When you buy marine insurance, it shifts liability to the insurer. As the intermediary, your liability is initially limited. Yet, as an exporter, obtaining insurance safeguards cargo from potential loss or damage.
Most export contracts require exporters to obtain marine insurance. As an exporter, you must secure marine insurance to meet the terms and conditions of agreements like Carriage and Insurance Paid (CIP) or Cost Insurance and Freight (CIF).
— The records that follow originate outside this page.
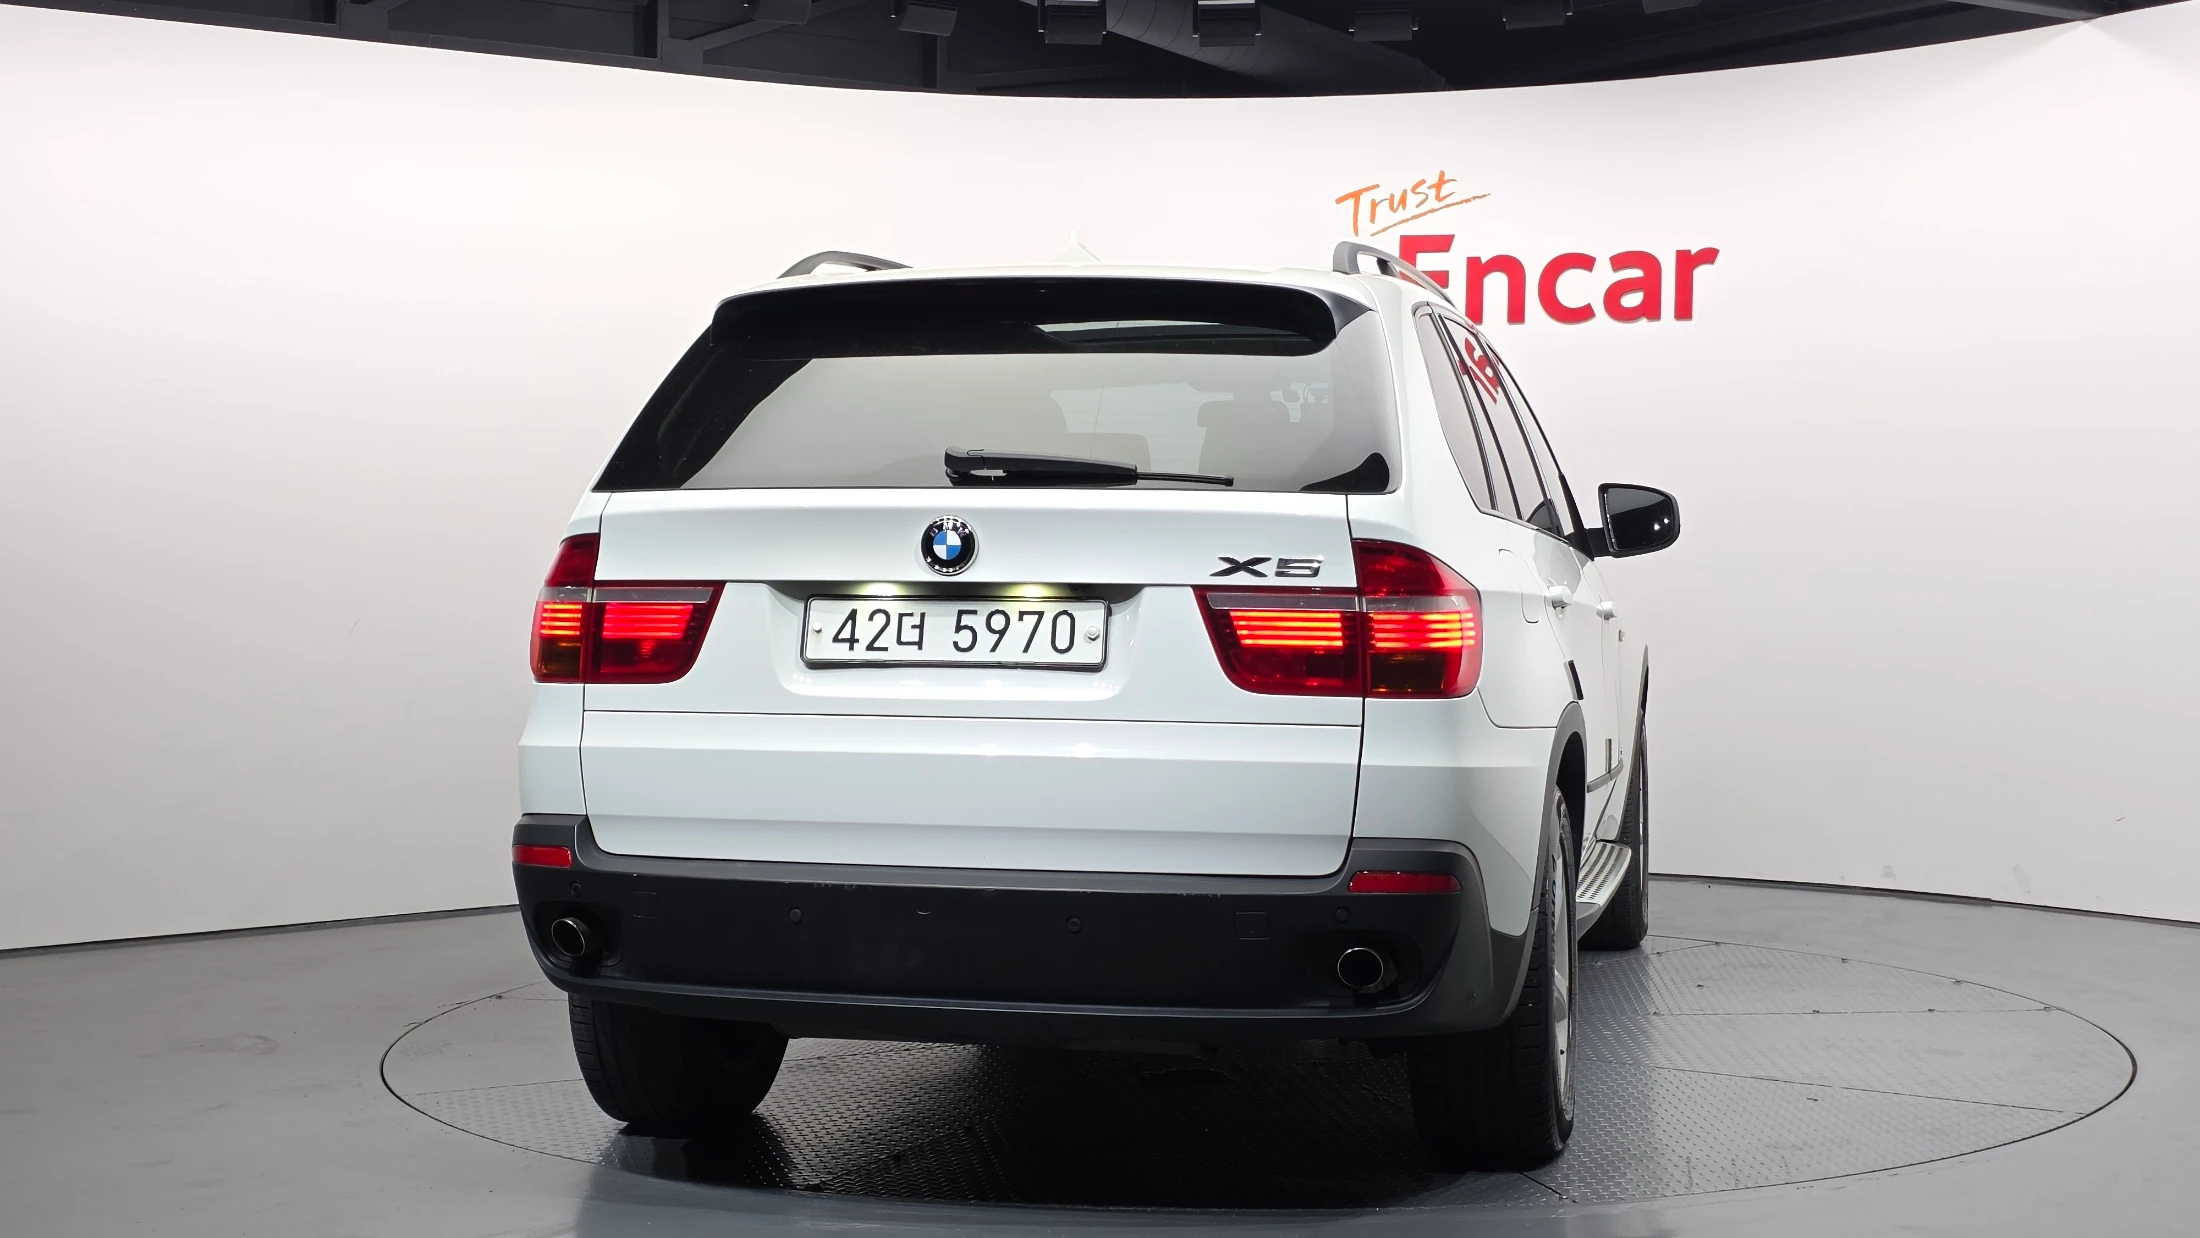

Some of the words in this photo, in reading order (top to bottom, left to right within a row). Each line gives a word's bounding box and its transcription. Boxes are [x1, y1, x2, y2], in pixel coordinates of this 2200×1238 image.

[1335, 170, 1459, 237] Trust
[1399, 234, 1720, 326] Encar
[1209, 556, 1324, 578] X5
[832, 608, 926, 652] 42더
[952, 609, 1076, 654] 5970
These actions aid in safeguarding your customers’ interests and property while adhering to contractual policies.
Types of Marine Insurance
Let’s explore the various types of marine insurance cover available to address diverse needs:
Freight Demurrage and Defense Insurance
This marine insurance, commonly referred to as FD&D or defense, provides coverage for legal costs, claims, and handling assistance for a wide array of disputes that aren't included in P&I, hull, or machinery insurance.
Freight Insurance
Freight insurance safeguards the owning corporation of a merchant ship, as they face the risk of financial losses in freight operations. For instance, if cargo is lost due to an accident, freight insurance will compensate for the incurred losses.
Liability Insurance
A liability marine insurance policy provides compensation for any liability resulting from your ship colliding, crashing, or experiencing any form of induced attacks.
Hull Insurance
As an owner, you can obtain hull insurance to protect your vessel's hull, torso, and other components, including the ship's furniture, against damage or loss in the event of an accident.
Machinery Insurance
This insurance coverage offers protection for all essential machinery on-board, with the insurance company compensating for any operational damage to the ship. However, it mandates a survey and approval from the surveyor.
P&I Insurance
P&I clubs provide Protection and Indemnity Insurance (P&I), focusing on damages or losses to third-party goods that may not be covered by other standard marine insurance policies.
Marine Cargo Insurance
As a cargo owner, you face the risk of mishandling the cargo at any stage, whether during handling at the terminal or throughout the voyage. This could lead to loss, misplacement, or damage to the goods. To safeguard your interests, marine cargo insurance will cover your losses upon payment of an adequate premium.
Other Policies
In addition to the marine insurances mentioned above, you can also access various policies with flexible options tailored to your specific needs. These include:
Fleet Policy
Owners of multiple ships are better off opting for a fleet policy.
Block Policy
If you are a cargo owner, this marine insurance policy is categorized under maritime insurance.
Mixed Policy
This involves a combination of both voyage and time policies.
Floating Policy
A floating policy is issued to the shipping line, specifying the maximum insurance limit of the marine insurance policy. Further details are provided to the insurance company when the vessel commences its voyage. For cargo owners who frequently transport goods, this policy is among the most advantageous, saving both time and money.
Time Policy
It remains valid for a limited or specific duration, typically for one year.
Port Risk Policy
This insurance provides coverage to the ship while it is docked at a port.
Single Vessel Policy
Ideal for small ship owners, this insurance covers the insurance of a single ship.
Voyage Policy
It remains valid for particular voyages.
Valued Policy
The document mentions the value of the cargo to clarify the reimbursement amount.
Unvalued/Open Policy
The unvalued/Open Policy differs from the valued Policy in that it does not specify the cargo value before the incident occurs. Only after an incident do they assess the extent of damage or loss for reimbursement.
Wager Policy
The reimbursement terms are not fixed and are at the discretion of the insurance provider to determine if the damage warrants reimbursement. It's important to note that this is an unwritten policy and holds no legal standing in the court of law.
Conclusion
Whether you’re an independent shipowner, a shipping corporation, or a cargo owner, marine insurance can help protect your goods and investments. Thus, it’s crucial to always obtain marine insurance and seek expert advice to ensure you acquire the right coverage for all your needs.